Mathematical Biology I: An Introduction
- Second edition
- Author: James D. Murray
- Language: English
- Subject: Mathematical biology
- Publisher: Springer
- Publication date: 1989; Second edition in 1993; Third edition in 2002;
- Publication place: United States
- Media type: Print
- Pages: 551
- ISBN: 0-387-95223-3

= Mathematical Biology =

1989 textbook by James D. Murray

Mathematical Biology is a two-part monograph on mathematical biology first published in 1989 by the applied mathematician James D. Murray. It is considered to be a classic in the field and sweeping in scope.

== Part I: An Introduction ==
Part I of Mathematical Biology covers population dynamics, reaction kinetics, oscillating reactions, and reaction-diffusion equations.

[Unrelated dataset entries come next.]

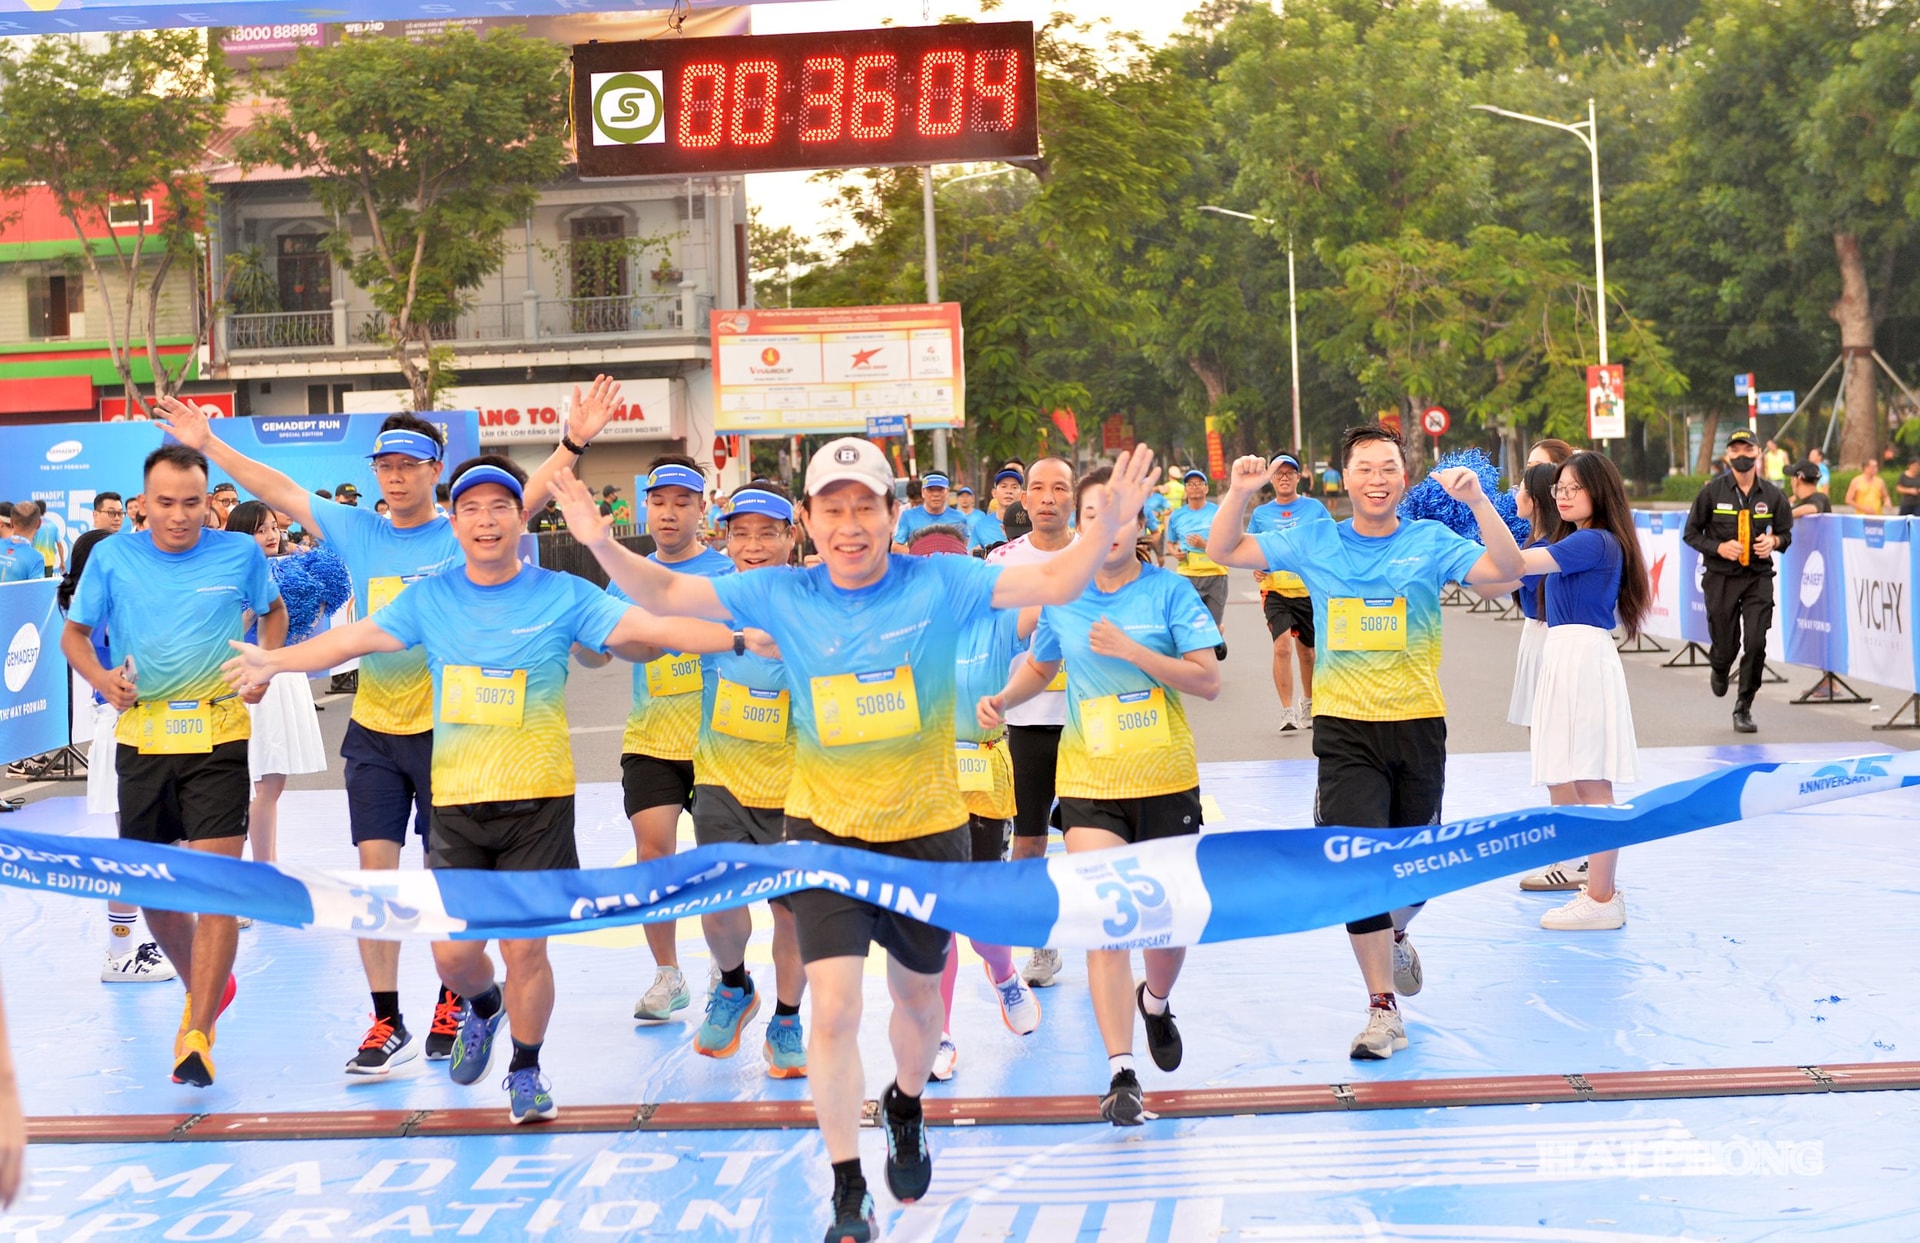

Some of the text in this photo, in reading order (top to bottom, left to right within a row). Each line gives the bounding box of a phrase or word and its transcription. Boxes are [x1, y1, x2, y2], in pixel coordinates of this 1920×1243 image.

[262, 419, 341, 432] GEMADEPT RUN
[31, 490, 65, 501] GEMADEPT
[1360, 616, 1398, 632] 50878
[6, 647, 39, 668] GEMADEPT
[474, 686, 516, 706] 50873
[855, 690, 906, 717] 50886
[10, 706, 22, 719] WAY
[22, 699, 48, 716] FORWARD
[742, 705, 781, 723] 50875
[165, 718, 203, 735] 50870
[1117, 709, 1158, 732] 50869
[1392, 824, 1557, 879] SPECIAL EDITION
[46, 872, 122, 897] EDITION

- Chapter 1: Continuous Population Models for Single Species
- Chapter 2: Discrete Population Models for a Single Species
- Chapter 3: Models for Interacting Populations
- Chapter 4: Temperature-Dependent Sex Determination (TSD)
- Chapter 5: Modelling the Dynamics of Marital Interaction: Divorce Prediction and Marriage Repair
- Chapter 6: Reaction Kinetics
- Chapter 7: Biological Oscillators and Switches
- Chapter 8: BZ Oscillating Reactions
- Chapter 9: Perturbed and Coupled Oscillators and Black Holes
- Chapter 10: Dynamics of Infectious Diseases
- Chapter 11: Reaction Diffusion, Chemotaxis, and Nonlocal Mechanisms
- Chapter 12: Oscillator-Generated Wave Phenomena
- Chapter 13: Biological Waves: Single-Species Models
- Chapter 14: Use and Abuse of Fractals

== Part II: Spatial Models and Biomedical Applications ==
Part II of Mathematical Biology focuses on pattern formation and applications of reaction-diffusion equations. Topics include: predator-prey interactions, chemotaxis, wound healing, epidemic models, and morphogenesis.

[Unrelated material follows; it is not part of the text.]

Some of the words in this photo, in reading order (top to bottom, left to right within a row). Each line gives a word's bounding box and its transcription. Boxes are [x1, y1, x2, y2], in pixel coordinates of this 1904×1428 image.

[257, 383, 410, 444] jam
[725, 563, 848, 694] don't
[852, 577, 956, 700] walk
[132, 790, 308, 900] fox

- Chapter 1: Multi-Species Waves and Practical Applications
- Chapter 2: Spatial Pattern Formation with Reaction Diffusion Systems
- Chapter 3: Animal Coat Patterns and Other Practical Applications of Reaction Diffusion Mechanisms
- Chapter 4: Pattern Formation on Growing Domains: Alligators and Snakes
- Chapter 5: Bacterial Patterns and Chemotaxis
- Chapter 6: Mechanical Theory for Generating Pattern and Form in Development
- Chapter 7: Evolution, Morphogenetic Laws, Developmental Constraints and Teratologies
- Chapter 8: A Mechanical Theory of Vascular Network Formation
- Chapter 9: Epidermal Wound Healing
- Chapter 10: Dermal Wound Healing
- Chapter 11: Growth and Control of Brain Tumours
- Chapter 12: Neural Models of Pattern Formation
- Chapter 13: Geographic Spread and Control of Epidemics
- Chapter 14: Wolf Territoriality, Wolf-Deer Interaction and Survival

== Impact ==
Since its initial publication, the monograph has come to be seen as a highly influential work in the field of mathematical biology. It serves as the essential text for most high level mathematical biology courses around the world, and is credited with transforming the field from a niche subject into a standard research area of applied mathematics.